------ EXERCISE MATERIAL ------
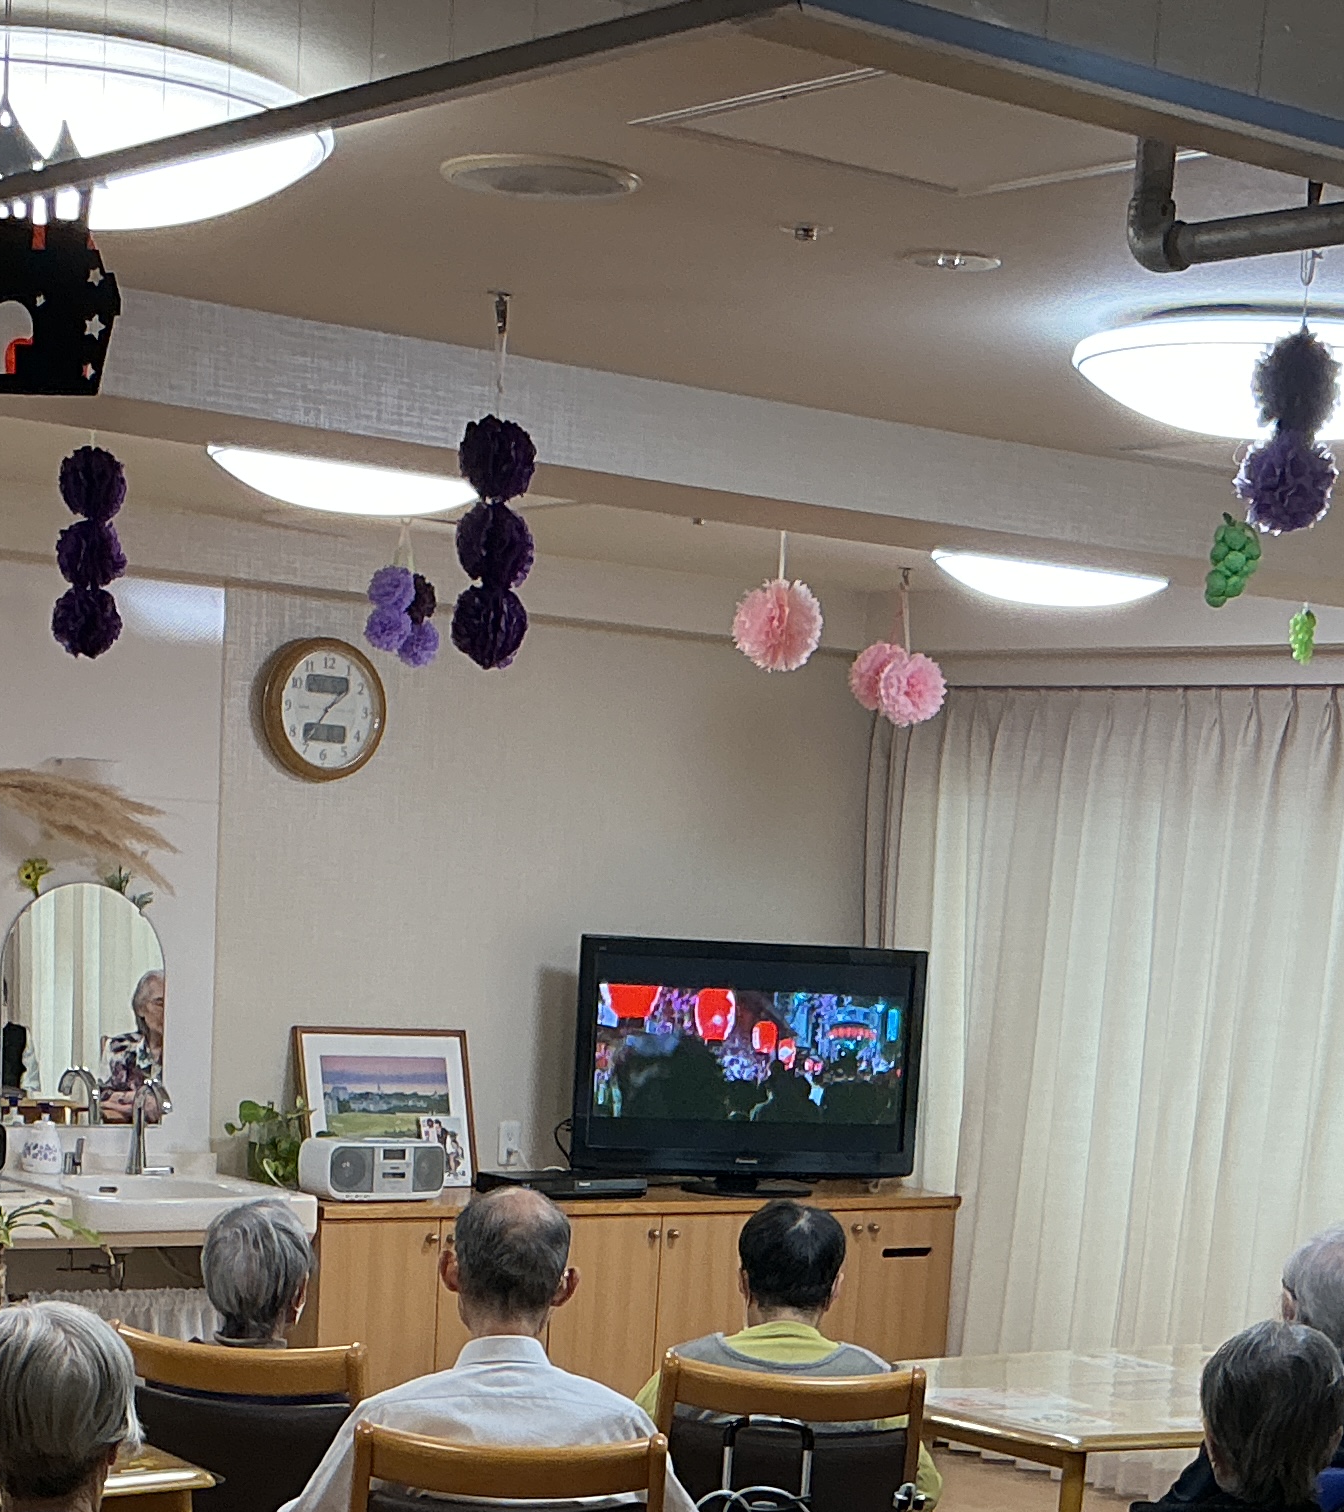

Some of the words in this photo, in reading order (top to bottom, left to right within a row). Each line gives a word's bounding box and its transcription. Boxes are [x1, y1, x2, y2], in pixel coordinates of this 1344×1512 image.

[304, 660, 315, 673] 11
[323, 656, 336, 669] 12
[291, 676, 304, 690] 10
[357, 683, 365, 696] 2
[284, 699, 293, 712] 9
[361, 707, 369, 720] 3
[289, 724, 297, 738] 8
[354, 730, 361, 744] 4
[319, 749, 327, 761] 6
[341, 747, 349, 758] 5
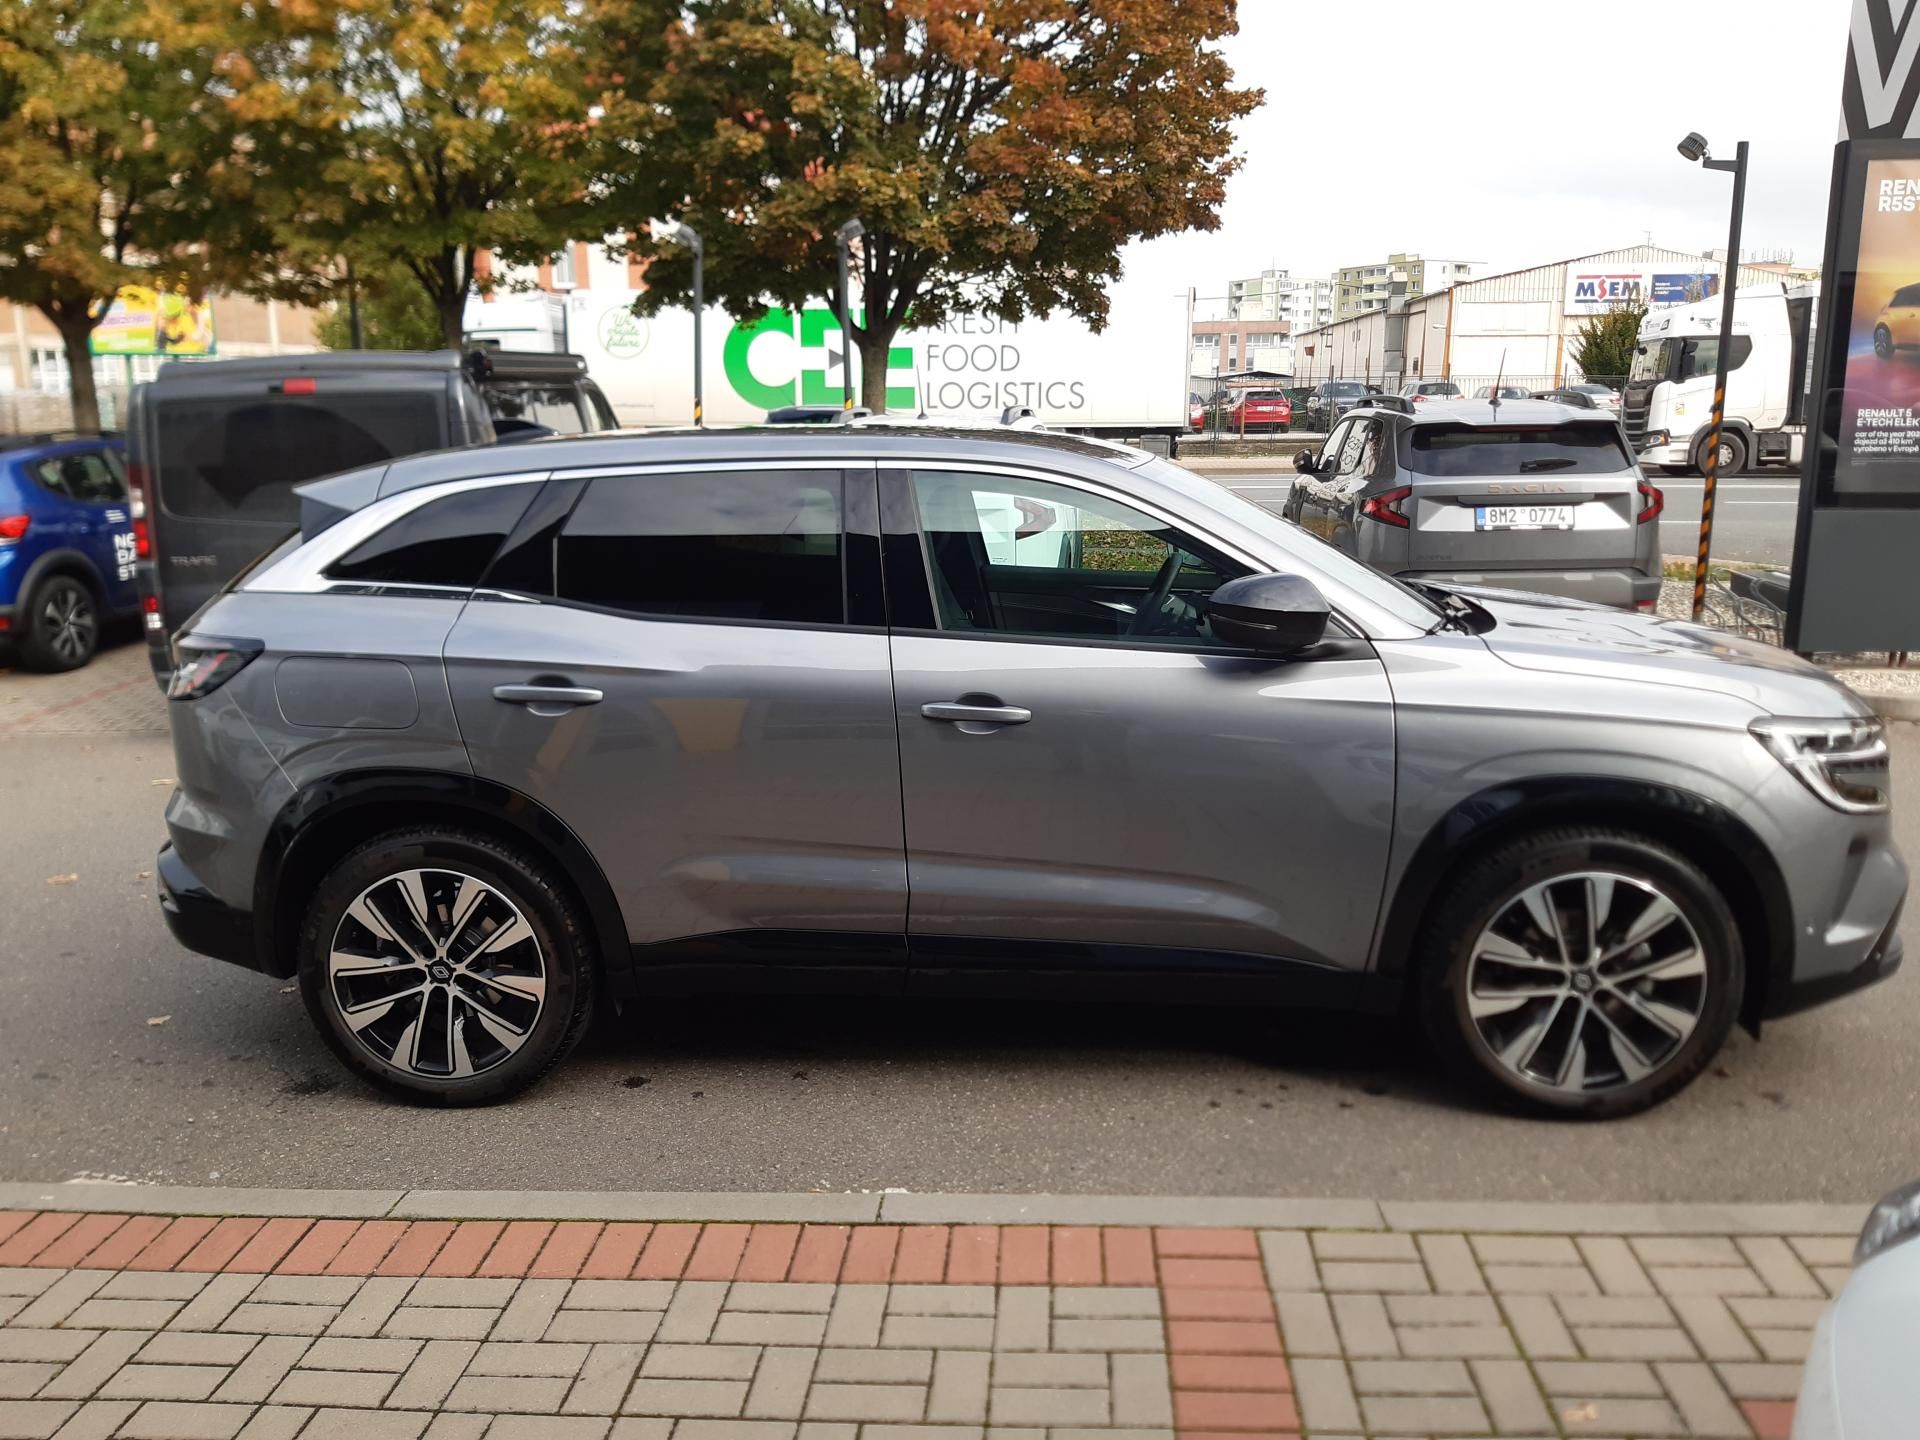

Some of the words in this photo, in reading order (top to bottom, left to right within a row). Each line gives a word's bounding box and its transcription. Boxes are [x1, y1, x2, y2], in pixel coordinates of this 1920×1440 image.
------
Transcribe every line from the records above without alteration, and leave out the images.

→ **ANSWER BELOW**:
Some of the words in this photo, in reading order (top to bottom, left to right within a row). Each line gives a word's bounding box and its transcription. Boxes are [x1, y1, x2, y2], in pixel coordinates of this 1344×1512 image.

[304, 660, 315, 673] 11
[323, 656, 336, 669] 12
[291, 676, 304, 690] 10
[357, 683, 365, 696] 2
[284, 699, 293, 712] 9
[361, 707, 369, 720] 3
[289, 724, 297, 738] 8
[354, 730, 361, 744] 4
[319, 749, 327, 761] 6
[341, 747, 349, 758] 5

Some of the words in this photo, in reading order (top to bottom, left to right within a row). Each line gives a word's bounding box and its transcription. Boxes are [x1, y1, x2, y2], in pixel coordinates of this 1920×1440 image.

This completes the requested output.